Investors buy and sell stocks every day, and when they do, they rely on brokers to execute trades on their behalf. As the brokerage industry has evolved, policymakers have become increasingly concerned that unscrupulous brokers could take advantage of their power and position by failing to handle trade executions in their customers' best interest. The Securities and Exchange Commission created what's now known as the National Best Bid and Offer regulation in order to prevent this from happening.
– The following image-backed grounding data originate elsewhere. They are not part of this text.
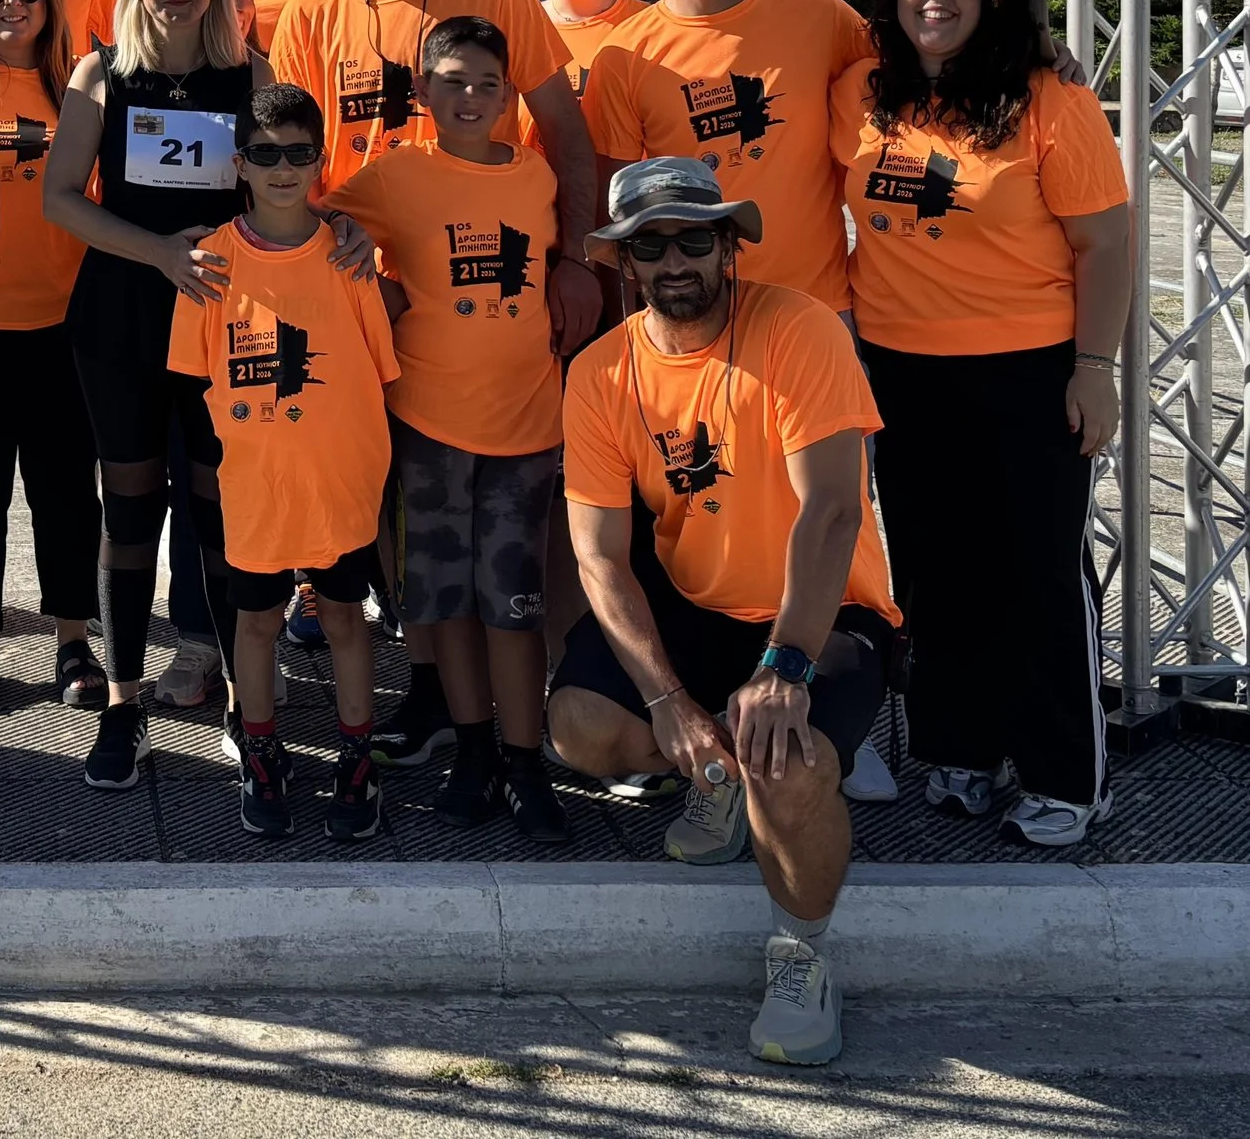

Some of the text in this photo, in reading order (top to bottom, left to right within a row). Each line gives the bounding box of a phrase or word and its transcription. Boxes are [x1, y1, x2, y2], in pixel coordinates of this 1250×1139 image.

[346, 70, 382, 81] ΔΡΟΜΟΣ
[693, 85, 732, 101] ΔΡΟΜΟΣ
[347, 100, 365, 116] 21
[695, 94, 734, 110] ΜΝΗΜΗΣ
[700, 117, 717, 135] 21
[159, 139, 203, 167] 21
[886, 154, 925, 164] ΔΡΟΜΟΣ
[883, 164, 924, 173] ΜΝΗΜΗΣ
[874, 179, 897, 195] 21
[457, 234, 499, 243] ΔΡΟΜΟΣ
[458, 243, 499, 253] ΜΝΗΜΗΣ
[460, 263, 478, 279] 21
[236, 332, 275, 343] ΔΡΟΜΟΣ
[237, 342, 275, 354] ΜΝΗΜΗΣ
[236, 363, 254, 380] 21
What the National Best Bid and Offer regulation says
You can find the National Best Bid and Offer regulation in the Code of Federal Regulations at 17 CFR 242.600(b)(42). It reads as follows:
National best bid and national best offer means, with respect to quotations for a [National Market System] security, the best bid and best offer for such security that are calculated and disseminated on a current and continuing basis by a plan processor pursuant to an effective national market system plan; provided, that in the event two or more market centers transmit to the plan processor pursuant to such plan identical bids or offers for an NMS security, the best bid or best offer (as the case may be) shall be determined by ranking all such identical bids or offers (as the case may be) first by size (giving the highest ranking to the bid or offer associated with the largest size), and then by time (giving the highest ranking to the bid or offer received first in time).
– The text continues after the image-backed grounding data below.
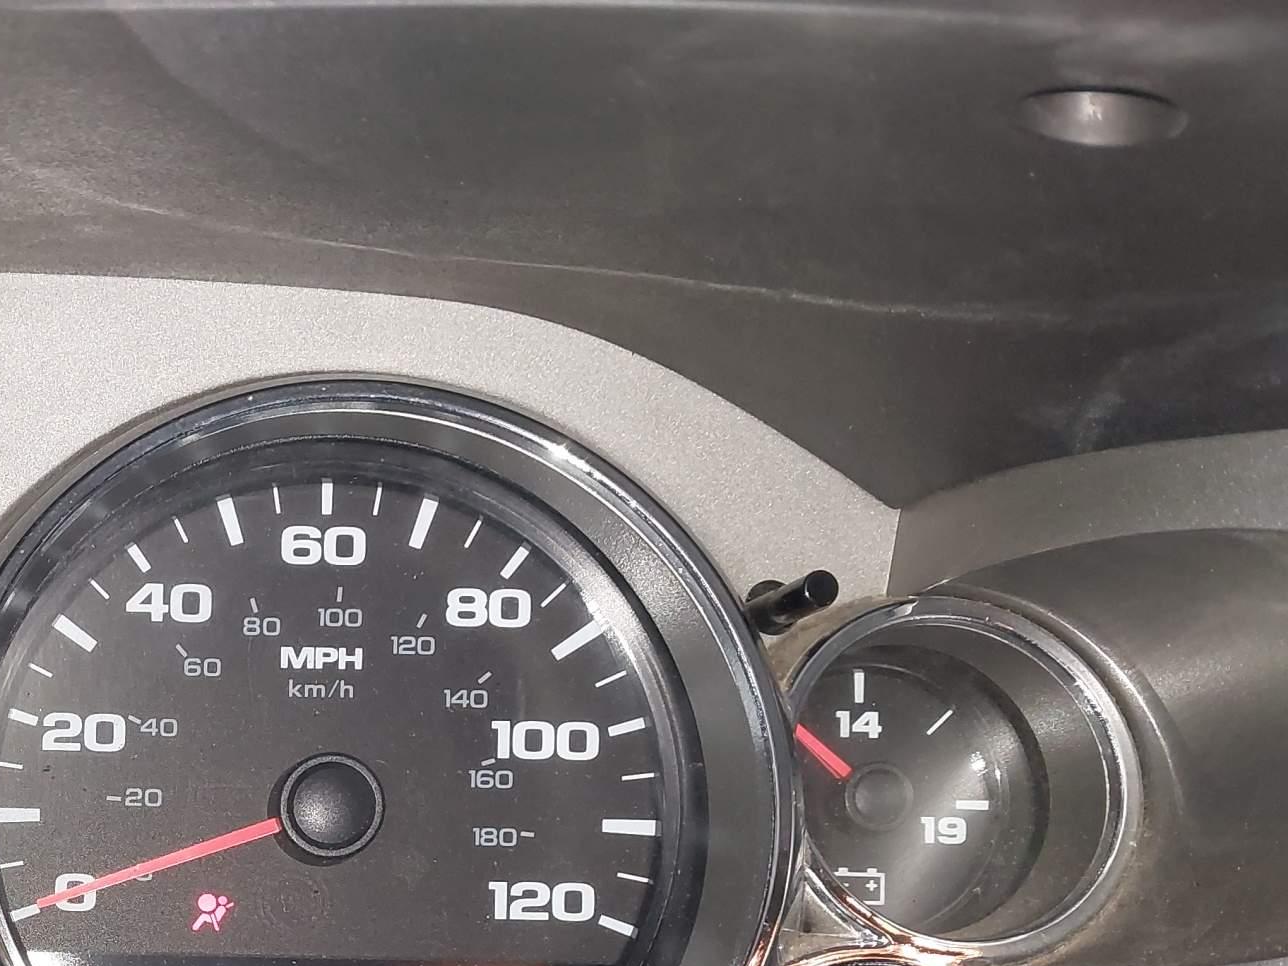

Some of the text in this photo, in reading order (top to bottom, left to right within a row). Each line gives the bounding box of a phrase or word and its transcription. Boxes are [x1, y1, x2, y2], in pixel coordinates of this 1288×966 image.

[281, 525, 367, 566] 60
[125, 582, 212, 623] 40
[445, 587, 532, 628] 80
[243, 617, 281, 636] 80
[318, 608, 363, 627] 100
[390, 636, 435, 655] 120
[182, 656, 222, 677] 60
[280, 646, 363, 670] MPH
[288, 679, 354, 698] km/h
[443, 689, 488, 709] 140
[41, 712, 126, 753] 20
[140, 718, 178, 737] 40
[835, 710, 883, 739] 14
[490, 720, 600, 761] 100
[468, 769, 513, 789] 160
[124, 787, 162, 807] 20
[472, 827, 516, 847] 180
[920, 816, 967, 845] 19
[55, 873, 97, 912] 0
[488, 881, 597, 922] 120
That's a mouthful, but the idea behind the National Best Bid and Offer regulation is actually quite simple. When a broker gets a buy order from a customer, the broker is required to execute the purchase request at the lowest available ask price in the market. Conversely, on sell orders, the broker must execute the sale at the highest available bid price at that time.
How can I check to see if my broker is following the regulation?
Brokers are required to follow the National Best Bid and Offer regulation, but it can tough for investors to get the information to verify that their brokers are indeed acting in their best interests. One thing you can do is to get access to live feeds that provide current orders. Exchanges and market-makers often make order books available, which include outstanding limit orders at various price points. Alternatively, you can get what's known as level 2 quote data, which has similar information.
When you enter a market order, you can often see your trade execute in real time. If the price you get is markedly different from the prevailing bid or ask price at the time you entered the trade, then it's worth double-checking with your broker to find out what happened. If your broker consistently fails to get best executions, then your best remedy is to find another broker who will.
Investors have to rely on the goodwill of their broker to represent them well. The National Best Bid and Offer regulation ensures that brokers will follow appropriate rules -- or be held accountable for breaking them.